[[ MATERIAL FOR THIS EXERCISE, beginning ]]
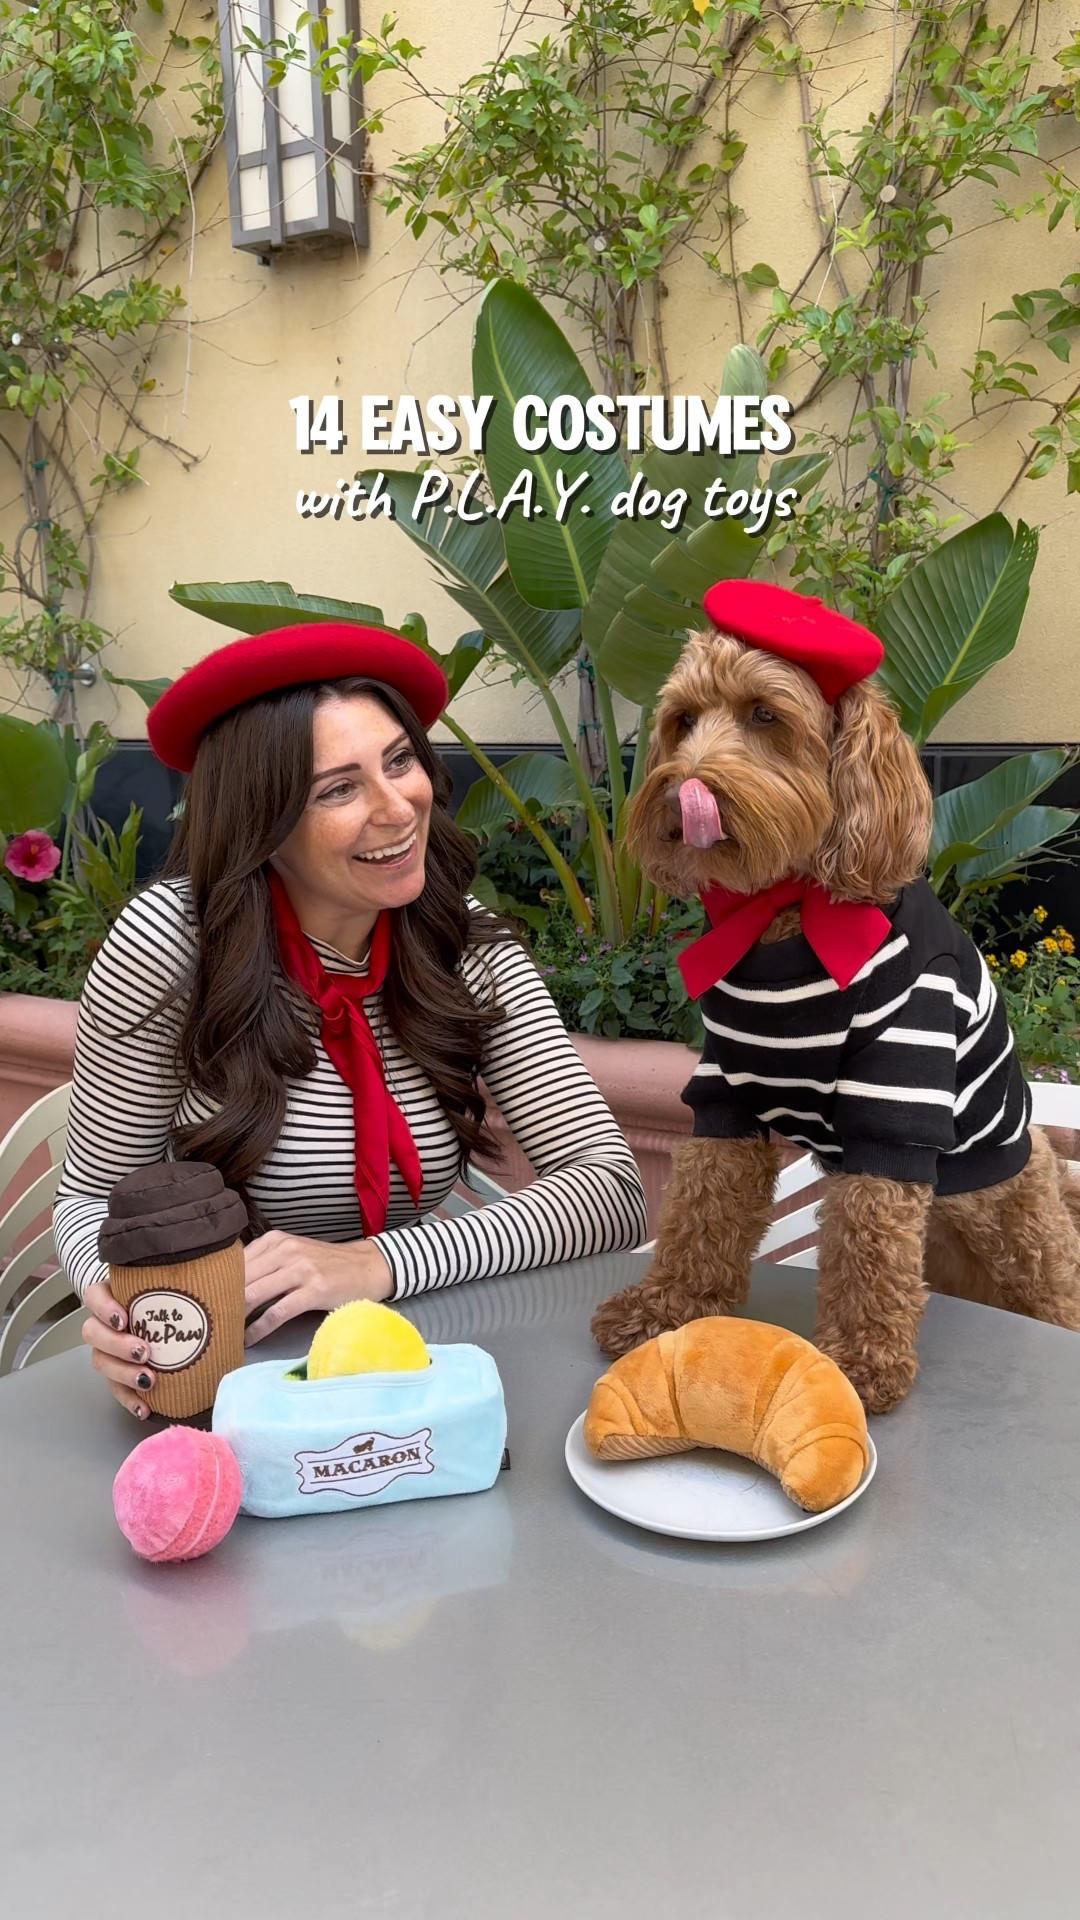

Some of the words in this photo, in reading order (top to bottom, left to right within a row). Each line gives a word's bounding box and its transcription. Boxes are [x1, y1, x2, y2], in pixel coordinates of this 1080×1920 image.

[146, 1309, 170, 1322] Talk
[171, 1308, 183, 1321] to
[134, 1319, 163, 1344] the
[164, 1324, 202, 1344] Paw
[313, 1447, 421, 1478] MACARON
[[ MATERIAL FOR THIS EXERCISE, end ]]
_TASK TO COMPLETE_: Without the pictures, give back every record precisely as shown.

_ANSWER SPACE_:
Some of the words in this photo, in reading order (top to bottom, left to right within a row). Each line gives a word's bounding box and its transcription. Boxes are [x1, y1, x2, y2], in pixel coordinates of this 1080×1920 image.

[146, 1309, 170, 1322] Talk
[171, 1308, 183, 1321] to
[134, 1319, 163, 1344] the
[164, 1324, 202, 1344] Paw
[313, 1447, 421, 1478] MACARON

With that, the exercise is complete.